DESCRIPTION OF STOCK PURCHASE CONTRACTS AND STOCK PURCHASE UNITS

        We may issue stock purchase contracts, including contracts obligating holders to purchase from us, and us to sell to the holders, a specified number of shares of common stock at a future date or dates, which we refer to in this prospectus as "Stock Purchase Contracts." The price per share of common stock and number of shares of common stock may be fixed at the time the Stock Purchase Contracts are issued or may be determined by reference to a specific formula set forth in the Stock Purchase Contracts. The Stock Purchase Contracts may be issued separately or as a part of units consisting of a Stock Purchase Contract and our debt securities or debt obligations of third parties, securing the holders' obligations to purchase the shares of common stock under the Stock Purchase Contracts, which we refer to in this prospectus as "Stock Purchase Units." The Stock Purchase Contracts may require holders to secure their obligations thereunder in a specified manner. The Stock Purchase Contracts also may require us to make periodic payments to the holders of the Stock Purchase Units or vice-versa and such payments may be unsecured or prefunded on some basis.

        The applicable prospectus supplement will describe the terms of any Stock Purchase Contracts or Stock Purchase Units. The description in the prospectus supplement will not necessarily be complete, and reference will be made to the Stock Purchase Contracts, and, if applicable, collateral or depositary arrangements, relating to the Stock Purchase Contracts or Stock Purchase Units.
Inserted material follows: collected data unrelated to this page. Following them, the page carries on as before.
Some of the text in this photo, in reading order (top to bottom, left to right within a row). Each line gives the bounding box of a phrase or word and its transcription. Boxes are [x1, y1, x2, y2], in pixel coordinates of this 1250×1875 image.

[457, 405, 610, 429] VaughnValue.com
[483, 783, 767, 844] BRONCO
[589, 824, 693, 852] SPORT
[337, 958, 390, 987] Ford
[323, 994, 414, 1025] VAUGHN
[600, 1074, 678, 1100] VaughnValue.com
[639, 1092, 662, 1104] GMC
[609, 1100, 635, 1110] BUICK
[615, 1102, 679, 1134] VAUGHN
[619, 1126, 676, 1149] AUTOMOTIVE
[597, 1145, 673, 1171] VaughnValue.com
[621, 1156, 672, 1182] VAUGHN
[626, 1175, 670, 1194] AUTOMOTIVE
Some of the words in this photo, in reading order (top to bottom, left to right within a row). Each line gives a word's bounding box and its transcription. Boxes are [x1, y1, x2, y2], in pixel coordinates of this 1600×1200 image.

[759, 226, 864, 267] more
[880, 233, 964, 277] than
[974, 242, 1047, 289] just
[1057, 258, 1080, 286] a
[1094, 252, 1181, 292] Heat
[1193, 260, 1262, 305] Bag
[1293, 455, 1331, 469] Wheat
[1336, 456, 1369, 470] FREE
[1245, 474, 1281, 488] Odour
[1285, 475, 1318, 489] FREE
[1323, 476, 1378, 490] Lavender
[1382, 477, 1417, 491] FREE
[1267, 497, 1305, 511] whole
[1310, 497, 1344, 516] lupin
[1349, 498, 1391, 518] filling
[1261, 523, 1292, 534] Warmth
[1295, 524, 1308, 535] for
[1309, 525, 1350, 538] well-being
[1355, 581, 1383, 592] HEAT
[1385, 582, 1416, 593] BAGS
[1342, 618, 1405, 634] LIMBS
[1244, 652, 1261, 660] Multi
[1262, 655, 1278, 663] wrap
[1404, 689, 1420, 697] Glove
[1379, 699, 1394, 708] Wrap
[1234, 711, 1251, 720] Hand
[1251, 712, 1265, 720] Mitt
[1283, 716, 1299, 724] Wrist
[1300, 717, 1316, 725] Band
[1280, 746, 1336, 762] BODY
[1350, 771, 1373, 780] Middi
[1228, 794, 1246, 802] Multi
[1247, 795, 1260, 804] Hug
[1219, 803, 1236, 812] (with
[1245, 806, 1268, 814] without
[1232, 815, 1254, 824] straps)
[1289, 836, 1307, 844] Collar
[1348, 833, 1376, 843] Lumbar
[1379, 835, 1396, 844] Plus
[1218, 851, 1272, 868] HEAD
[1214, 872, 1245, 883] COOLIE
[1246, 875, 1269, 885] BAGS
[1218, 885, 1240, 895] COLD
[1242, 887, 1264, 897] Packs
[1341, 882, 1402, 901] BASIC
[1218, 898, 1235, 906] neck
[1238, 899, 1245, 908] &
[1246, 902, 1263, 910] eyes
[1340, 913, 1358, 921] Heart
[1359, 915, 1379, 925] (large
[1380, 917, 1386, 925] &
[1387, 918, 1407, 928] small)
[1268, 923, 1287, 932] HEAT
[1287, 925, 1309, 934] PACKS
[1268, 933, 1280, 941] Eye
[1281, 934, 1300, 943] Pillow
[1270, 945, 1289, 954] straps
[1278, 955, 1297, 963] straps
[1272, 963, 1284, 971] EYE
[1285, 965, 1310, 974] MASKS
Material United States federal income tax considerations applicable to the Stock Purchase Units and the Stock Purchase Contracts will also be discussed in the applicable prospectus supplement.


PLAN OF DISTRIBUTION

        We may sell the securities covered by this prospectus in any of the following ways (or in any combination):

    through underwriters, dealers or remarketing firms;

    directly to one or more purchasers, including to a limited number of institutional purchasers; or

    through agents.

        Any such dealer or agent, in addition to any underwriter, may be deemed to be an underwriter within the meaning of the Securities Act. Any discounts or commissions received by an underwriter, dealer, remarketing firm or agent on the sale or resale of securities may be considered by the SEC to be underwriting discounts and commissions under the Securities Act.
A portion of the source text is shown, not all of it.